To Chaucer's times, then, belongs much of what may at first sight seem to include itself among the characteristics of his genius; while, on the other hand, there are to be distinguished from these the influences due to his training and studies in two literaturesthe French and the Italian. In the former of these he must have felt at home, if not by birth and descent, at all events by social connexion, habits of life, and ways of thought; while in the latter he, whose own country's was still a half-fledged literary life, found ready to his hand masterpieces of artistic maturity lofty in conception, broad in bearing, finished in form. There still remain, for summary review, the elements proper to his own poetic individuality-those which mark him out not only as the first great poet of his own nation, but as a great poet for all times.

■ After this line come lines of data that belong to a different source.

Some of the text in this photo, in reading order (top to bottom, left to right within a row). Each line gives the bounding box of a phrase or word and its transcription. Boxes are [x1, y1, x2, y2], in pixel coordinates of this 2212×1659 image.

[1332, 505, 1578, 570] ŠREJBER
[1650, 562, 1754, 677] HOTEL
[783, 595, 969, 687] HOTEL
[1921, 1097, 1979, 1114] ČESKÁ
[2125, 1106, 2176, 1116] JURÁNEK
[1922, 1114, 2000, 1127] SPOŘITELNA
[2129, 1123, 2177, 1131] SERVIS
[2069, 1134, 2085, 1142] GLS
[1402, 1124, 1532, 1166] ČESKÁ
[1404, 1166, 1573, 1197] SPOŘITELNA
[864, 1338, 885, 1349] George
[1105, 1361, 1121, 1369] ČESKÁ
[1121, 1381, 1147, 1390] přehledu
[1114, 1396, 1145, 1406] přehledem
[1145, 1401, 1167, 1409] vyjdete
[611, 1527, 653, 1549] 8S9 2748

The poet must please; if he wishes to be successful and popular, he must suit himself to the tastes of his public; and even if he be indifferent to immediate fame, he must, as belonging to one of the impressionable, the most receptive species of humankind, live, in a sense, with and for his generation. To meet this demand upon his genius, Chaucer was born with many gifts which he carefully and assiduously exercised in a long series of poetical experiments, and which he was able felicitously to combine for the achievements of results unprecedented in our literature. In readiness of descriptive power, in brightness and variety of imagery, and in flow of diction, Chaucer remained unequalled by any English poet, till he was surpassed-it seems not too much to say, in all three respects-by Spenser. His verse, where it suits his purpose, glitters, to use Dunbar's expression, as with fresh enamel, and its hues are variegated like those of a Flemish tapestry. Even where his descriptive enumerations seem at first sight monotonous or perfunctory, they are, in truth, graphic and true in their details, as in the list of birds in the Assembly of Fowls, quoted in part on an earlier page of this essay, and in the shorter list of trees in the same poem, which is, however, in its general features, imitated from Boccaccio. Neither King James I. of Scotland, nor Spenser, who after Chaucer essayed similar tours de force, were happier than he had been before them. Or we may refer to the description or the preparations for the tournament and of the tournament itself in the Knight's Tale, or to the thoroughly Dutch picture of a disturbance in a farm-yard in the Nun's Priest's. The vividness with which Chaucer describes scenes and events as if he had them before his own eyes, was no doubt, in the first instance, a result of his own imaginative temperament; but one would probably not go wrong in attributing the fulness of the use which he made of this gift to the influence of his Italian studies-more especially to those which led him to Dante, whose multitudinous characters and scenes impress themselves with so singular and immediate a definiteness upon the imagination. At the same time, Chaucer's resources seem inexhaustible for filling up or rounding off his narratives with the aid of chivalrous love or religious legend, by the introduction of samples of scholastie discourse or devices of per

sonal or general allegory. He commands, where necessary, a rhetorician's readiness of illustration, and a masque-writer's inventivness, as to machinery; he can even (in the House of Fame) conjure up an elaborate but self-consistent phantasmagory of his own, and continue it with a fulness proving that his fancy would not be at a loss for supplying even more materials than he cares to employ.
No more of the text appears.